◆ **WHAT YOU WILL DO**: Exact copy, pictures excluded: reproduce every record below.
(RECORDS)
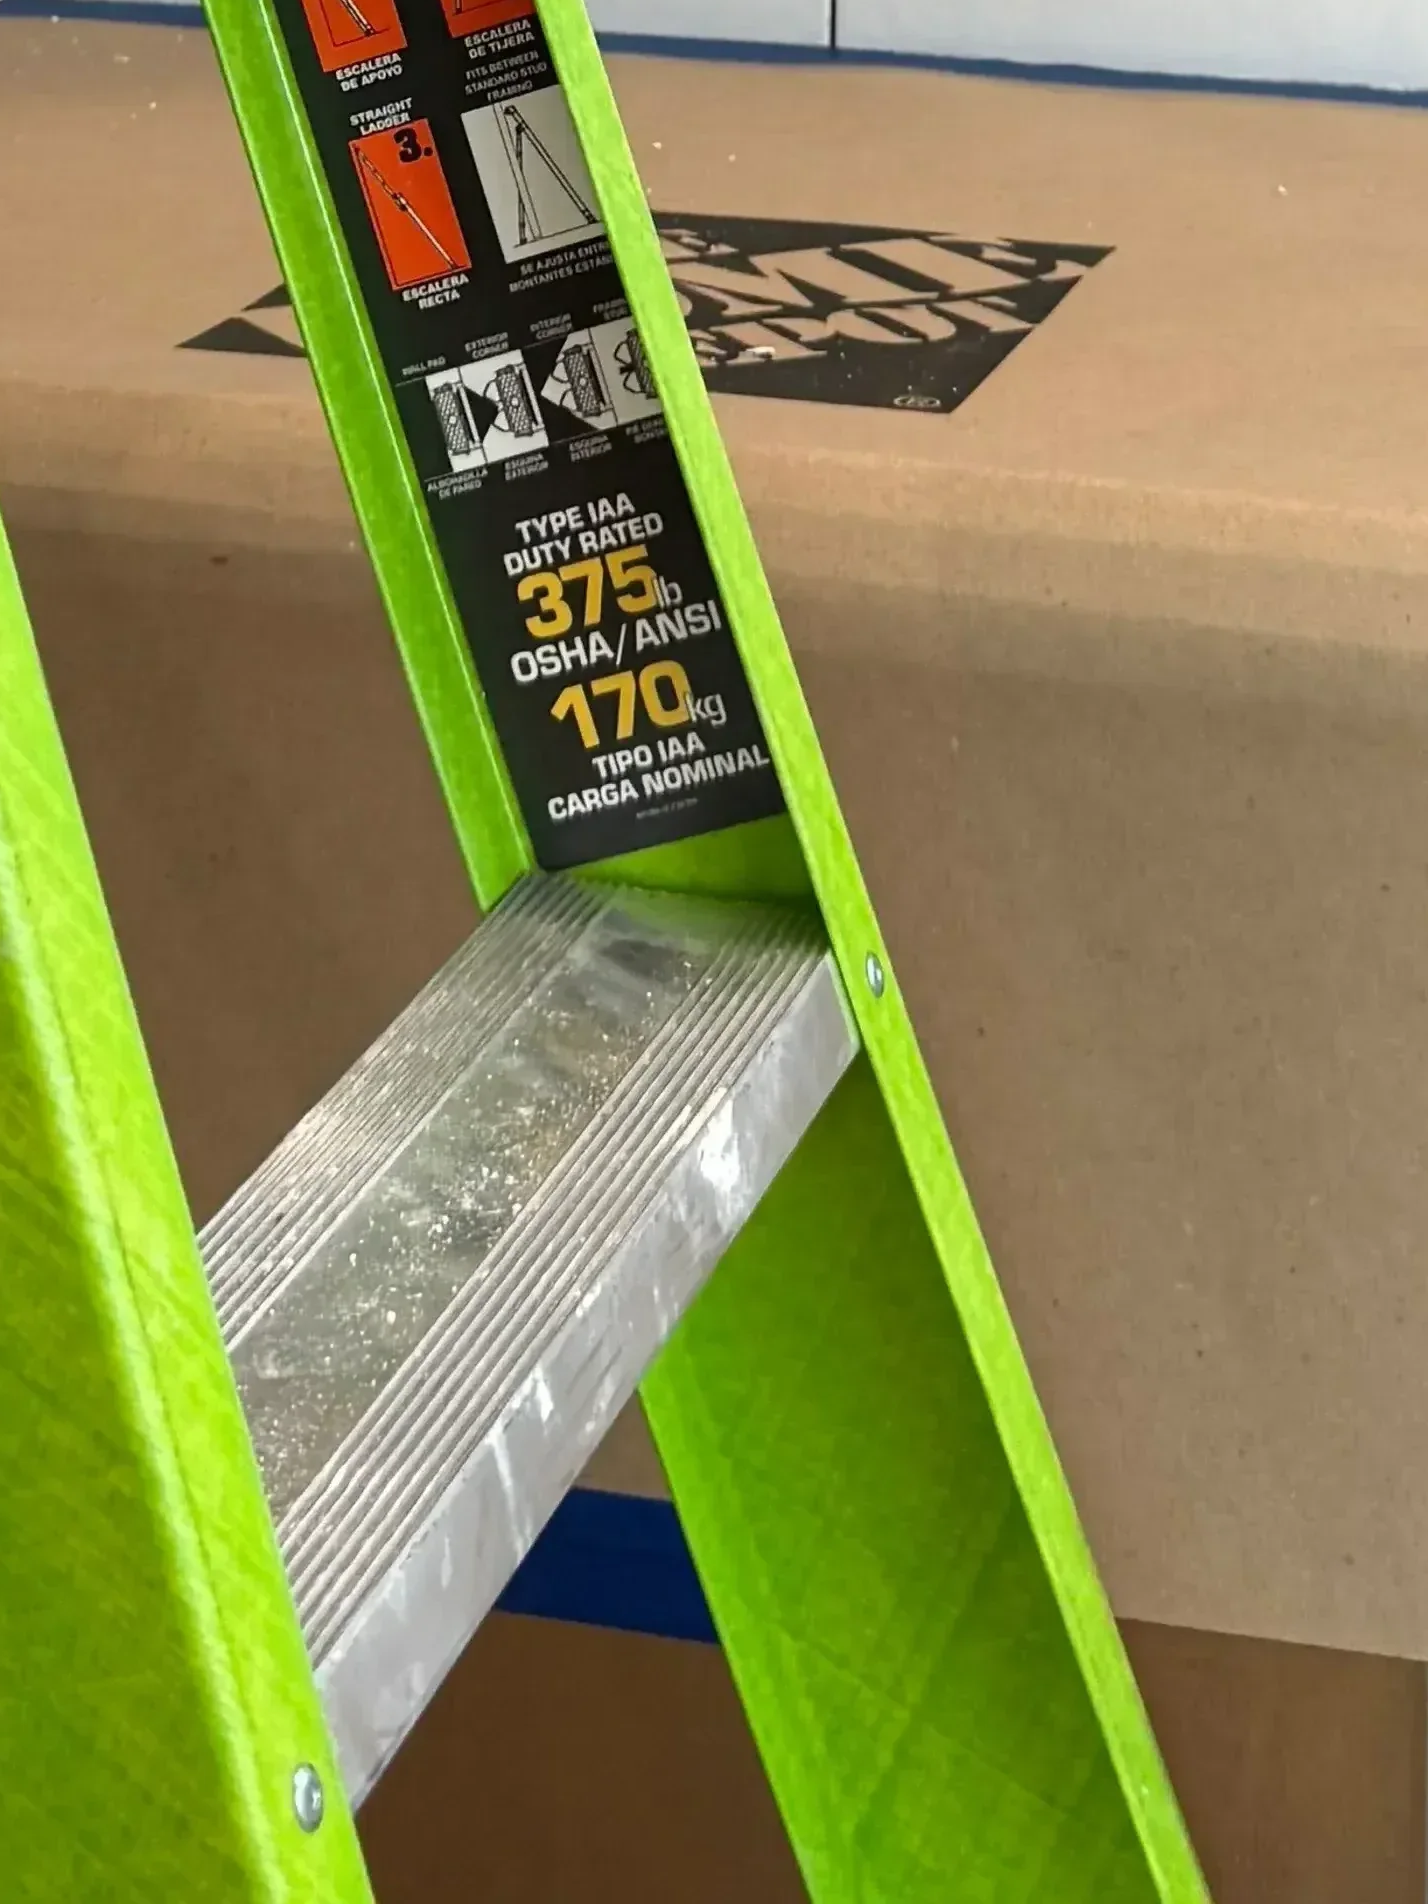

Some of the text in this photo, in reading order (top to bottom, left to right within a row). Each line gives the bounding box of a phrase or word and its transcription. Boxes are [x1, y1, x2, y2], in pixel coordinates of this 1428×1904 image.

[464, 19, 530, 47] ESCALERA
[468, 31, 534, 59] DE TIJERA
[333, 53, 401, 80] ESCALERA
[339, 64, 402, 91] DE APOYO
[464, 61, 547, 94] STANDARD STUD
[465, 50, 538, 80] FITS BETWEEN
[350, 97, 411, 127] STRAIGHT
[360, 112, 410, 135] LADDER
[393, 128, 433, 162] 3.
[520, 263, 534, 276] SE
[536, 251, 577, 271] AJUSTA
[402, 274, 468, 301] ESCALERA
[509, 266, 573, 292] MONTANTES
[418, 289, 460, 309] RECTA
[515, 493, 635, 542] TYPE IAA
[504, 513, 662, 575] DUTY RATED
[511, 602, 719, 682] OSHA/ANSI
[592, 732, 705, 778] TIPO IAA
[548, 779, 638, 819] CARGA
[642, 741, 768, 796] NOMINAL
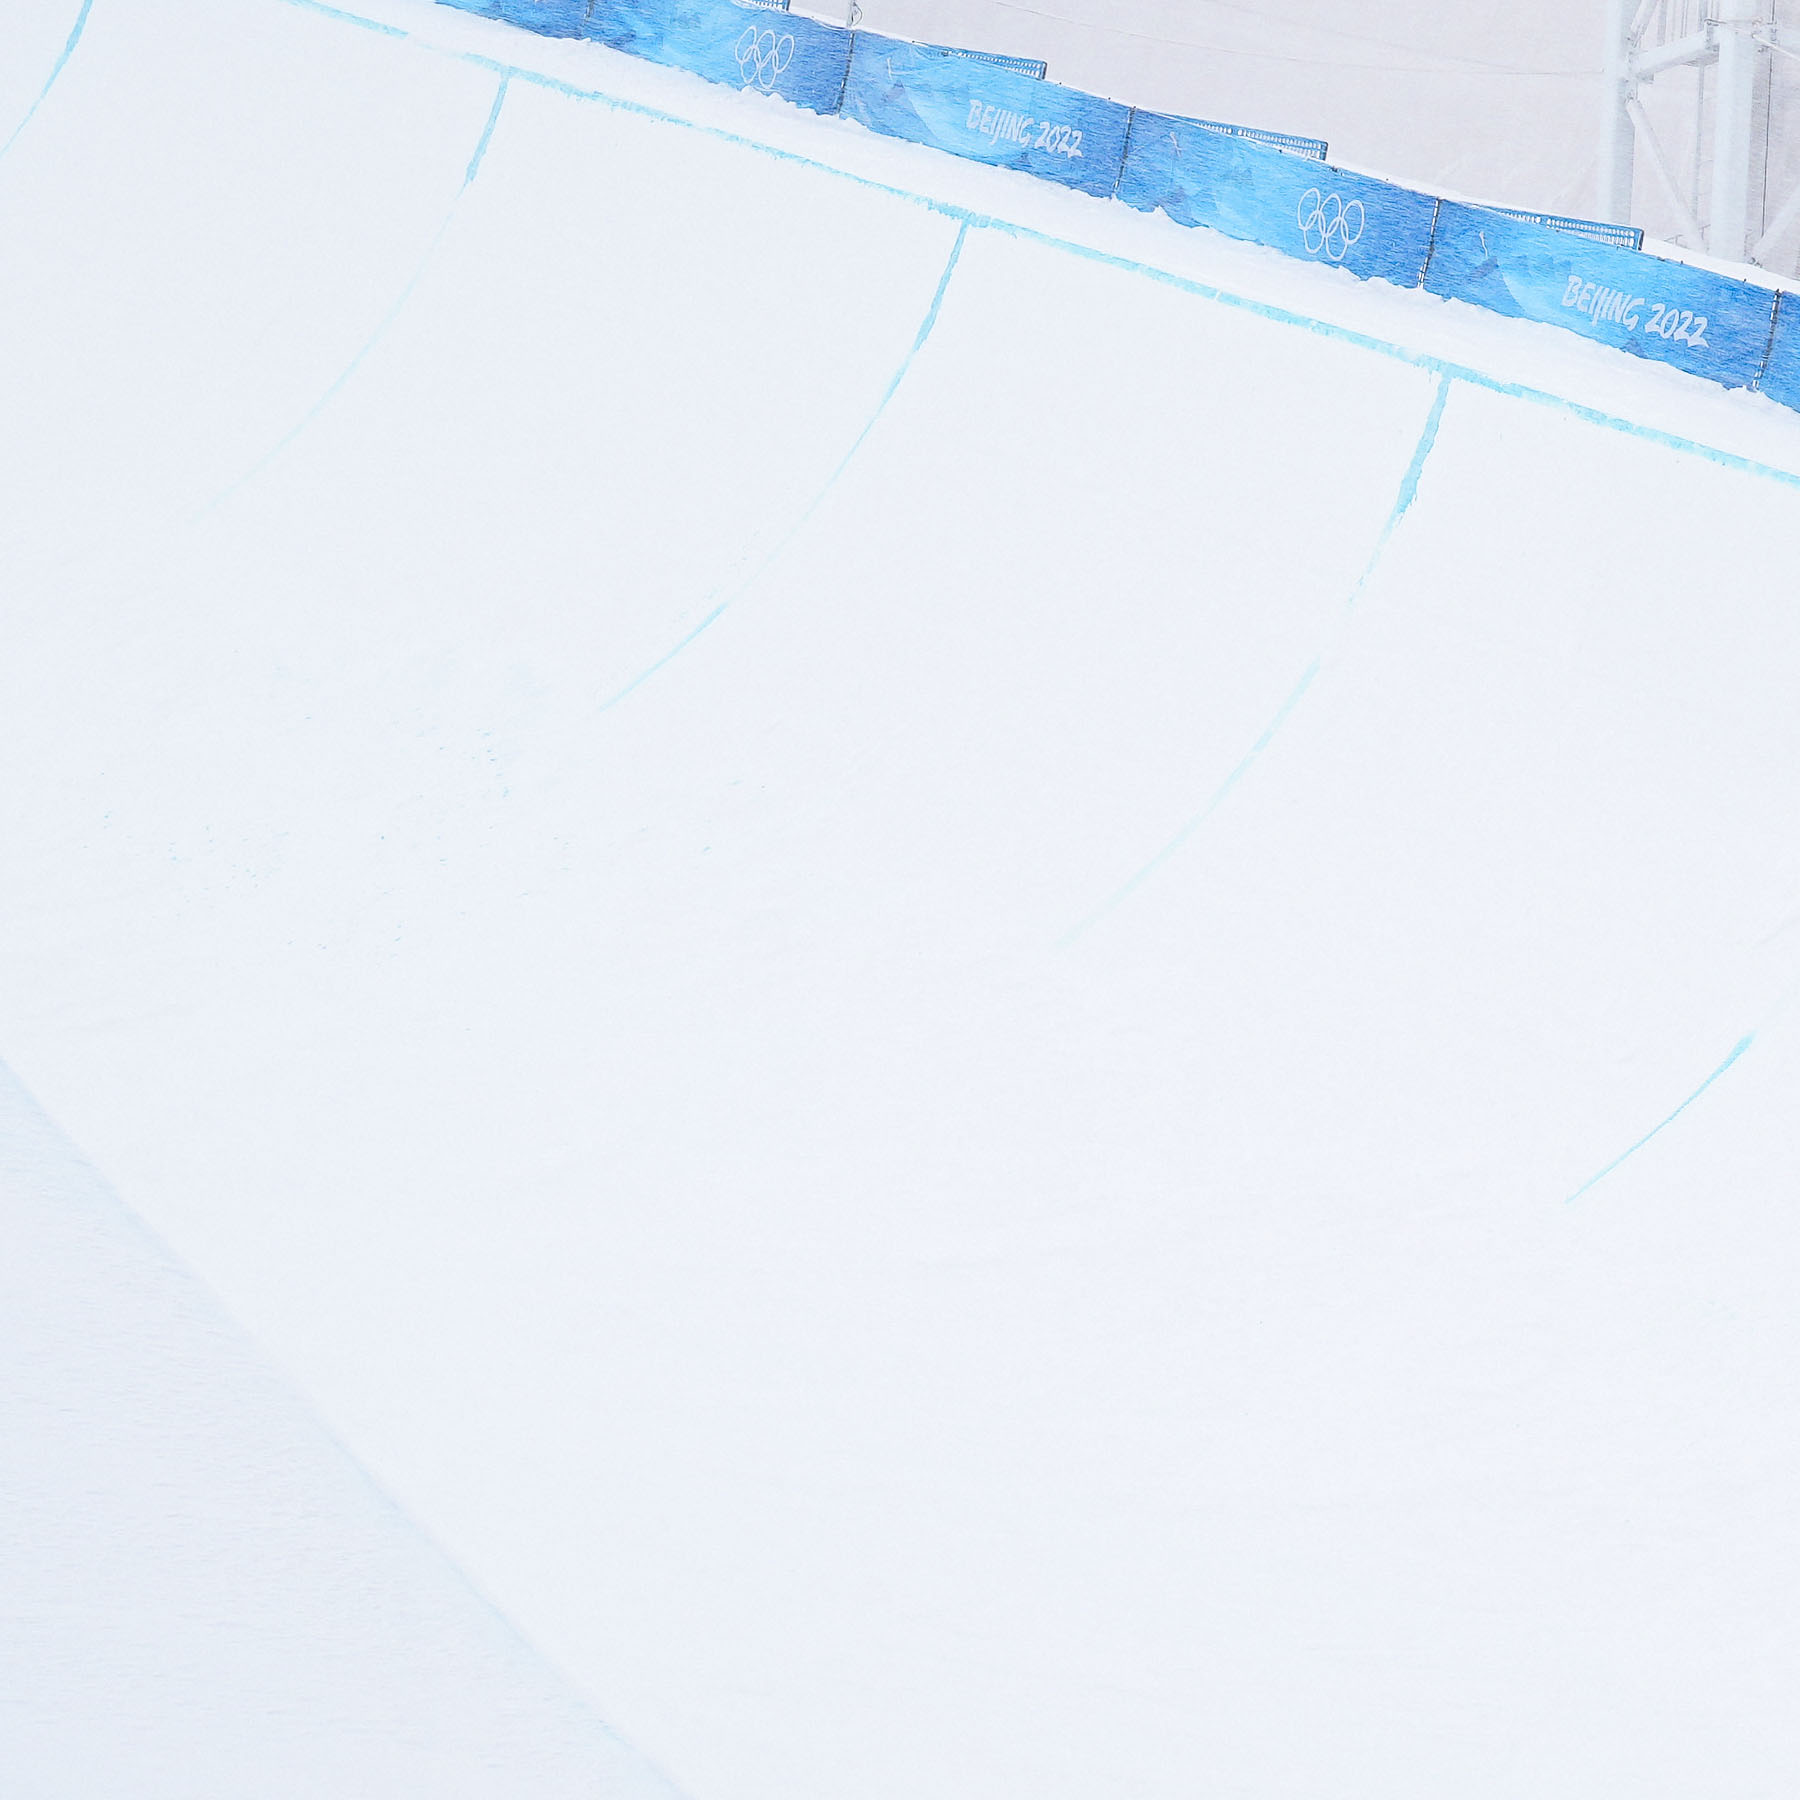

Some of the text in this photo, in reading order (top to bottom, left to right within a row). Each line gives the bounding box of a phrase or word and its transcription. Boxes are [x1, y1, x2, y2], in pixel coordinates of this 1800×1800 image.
(End RECORDS)
◆ **FINISHED EXERCISE**:
Some of the text in this photo, in reading order (top to bottom, left to right within a row). Each line gives the bounding box of a phrase or word and its transcription. Boxes are [x1, y1, x2, y2], in pixel coordinates of this 1428×1904 image.

[464, 19, 530, 47] ESCALERA
[468, 31, 534, 59] DE TIJERA
[333, 53, 401, 80] ESCALERA
[339, 64, 402, 91] DE APOYO
[464, 61, 547, 94] STANDARD STUD
[465, 50, 538, 80] FITS BETWEEN
[350, 97, 411, 127] STRAIGHT
[360, 112, 410, 135] LADDER
[393, 128, 433, 162] 3.
[520, 263, 534, 276] SE
[536, 251, 577, 271] AJUSTA
[402, 274, 468, 301] ESCALERA
[509, 266, 573, 292] MONTANTES
[418, 289, 460, 309] RECTA
[515, 493, 635, 542] TYPE IAA
[504, 513, 662, 575] DUTY RATED
[511, 602, 719, 682] OSHA/ANSI
[592, 732, 705, 778] TIPO IAA
[548, 779, 638, 819] CARGA
[642, 741, 768, 796] NOMINAL

Some of the text in this photo, in reading order (top to bottom, left to right within a row). Each line gives the bounding box of a phrase or word and its transcription. Boxes are [x1, y1, x2, y2], in pixel coordinates of this 1800×1800 image.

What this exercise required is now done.